For context, Williams-Sonoma’s share repurchase authorizations soared from 4% of the stock’s $13.6 billion market capitalization to 9% with its new program. This is especially welcome news since I believe the company’s shares are attractively priced, which makes the share repurchases a good use of excess capital.

An investor points to dollar signs and financial data floating in the air.

Image source: Getty Images.

A flawless balance sheet

In addition to its impressive operating results, Williams-Sonoma is one of the few publicly traded businesses to boast a balance sheet free of long-term debt as of Q2 2021.

If the company’s absence of long-term debt on its balance sheet weren’t enough, the company also maintained a huge cash position.

Williams-Sonoma’s $655 million in cash works out to nearly 5% of its market cap, which should allow the company free reign with regard to executing share repurchases and delivering healthy dividend increases in the years ahead.

A high-quality, reasonably valued business

Williams-Sonoma’s current price-to-free cash flow of 10.5 is well below its 13-year median price-to-FCF ratio of 15.2.

The company’s tremendous second-quarter earnings beat directly contradicts the narrative that the company can’t continue to deliver meaningful growth as COVID restrictions ease, and life reverts more to the pre-COVID “normal.”

Williams-Sonoma’s fundamentals and valuation both suggest that the stock could be worth consideration from dividend growth investors.
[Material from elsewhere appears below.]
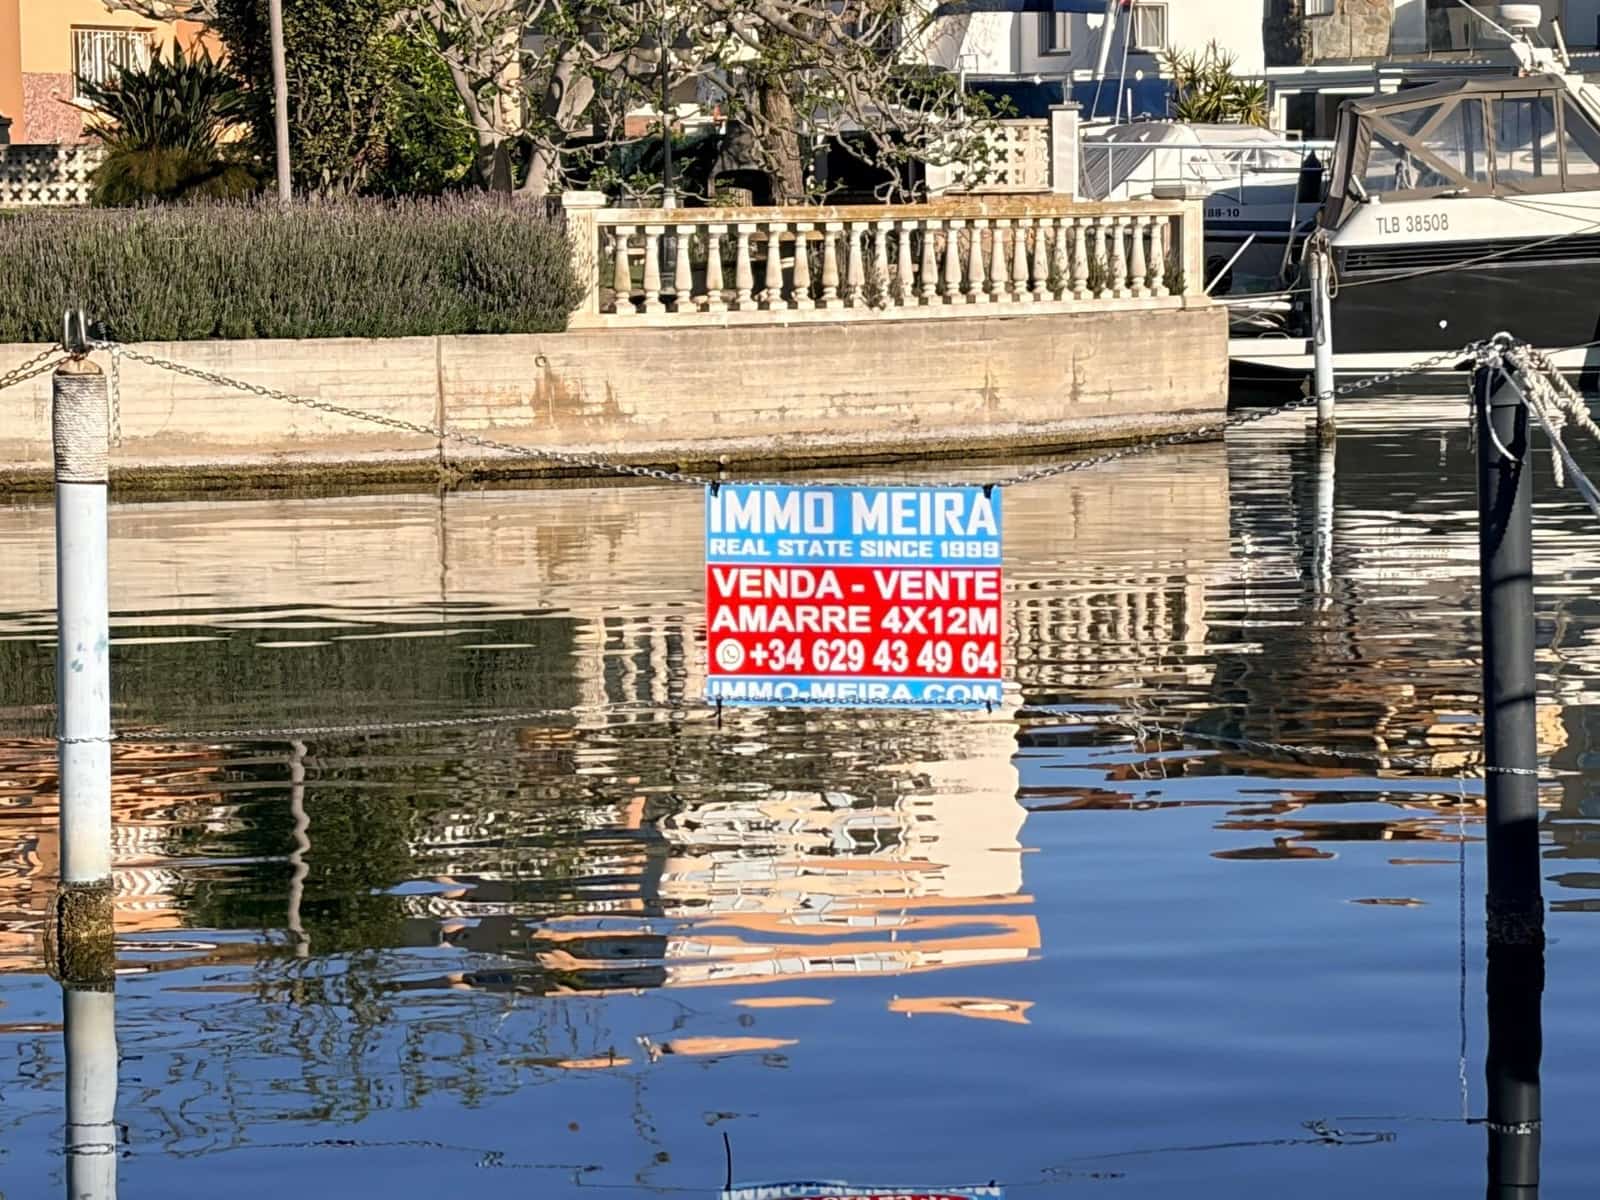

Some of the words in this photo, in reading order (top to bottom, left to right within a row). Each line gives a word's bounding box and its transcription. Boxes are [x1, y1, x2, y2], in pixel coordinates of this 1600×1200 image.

The company’s well-covered 1.6% yield (versus the S&P 500‘s 1.3%) offers the prospect of high-single-digit to low-double-digit annual dividend growth for the foreseeable future.

This article represents the opinion of the writer, who may disagree with the “official” recommendation position of a Motley Fool premium advisory service. We’re motley! Questioning an investing thesis — even one of our own — helps us all think critically about investing and make decisions that help us become smarter, happier, and richer.